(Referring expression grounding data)
**********
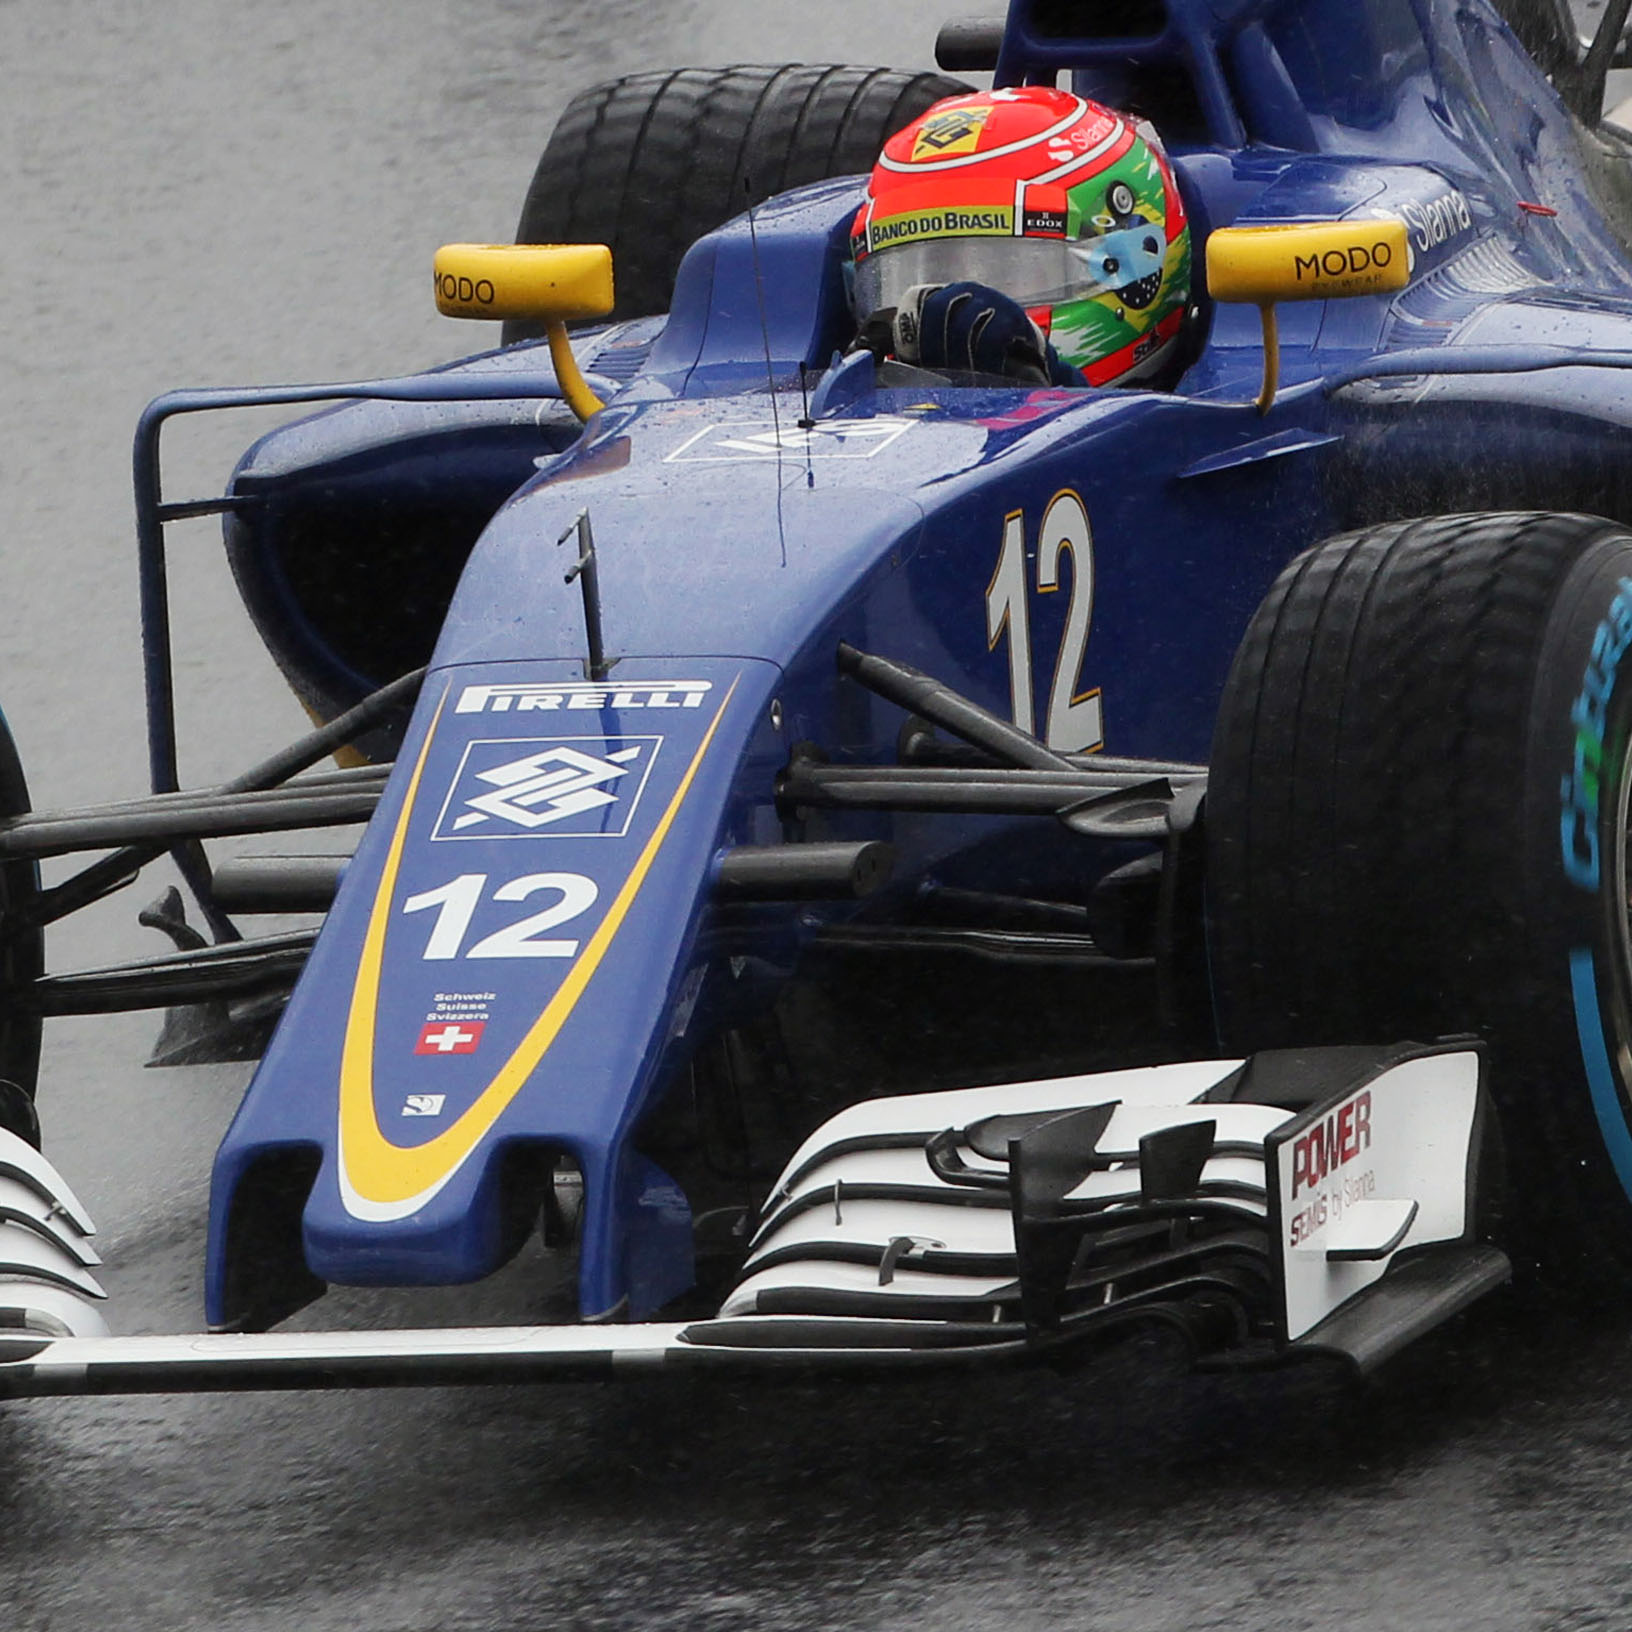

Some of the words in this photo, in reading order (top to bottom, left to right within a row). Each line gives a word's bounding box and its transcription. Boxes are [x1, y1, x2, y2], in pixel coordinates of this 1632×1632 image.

[872, 219, 918, 245] BANCO
[919, 215, 943, 233] DO
[944, 212, 1010, 230] BRASIL
[1027, 219, 1063, 228] EDOX
[1401, 188, 1472, 252] Silanna
[1294, 241, 1392, 280] MODO
[985, 487, 1105, 754] 12
[455, 680, 714, 714] PIRELLI
[402, 872, 599, 960] 12
[433, 992, 497, 1002] Schweiz
[435, 1002, 487, 1011] Suisse
[426, 1012, 489, 1021] Svizzera
[1291, 1089, 1372, 1201] POWER
**********
Task directions:
Repeat all entries exactly, pictures excluded.

Answer box:
Some of the words in this photo, in reading order (top to bottom, left to right within a row). Each line gives a word's bounding box and its transcription. Boxes are [x1, y1, x2, y2], in pixel coordinates of this 1632×1632 image.

[872, 219, 918, 245] BANCO
[919, 215, 943, 233] DO
[944, 212, 1010, 230] BRASIL
[1027, 219, 1063, 228] EDOX
[1401, 188, 1472, 252] Silanna
[1294, 241, 1392, 280] MODO
[985, 487, 1105, 754] 12
[455, 680, 714, 714] PIRELLI
[402, 872, 599, 960] 12
[433, 992, 497, 1002] Schweiz
[435, 1002, 487, 1011] Suisse
[426, 1012, 489, 1021] Svizzera
[1291, 1089, 1372, 1201] POWER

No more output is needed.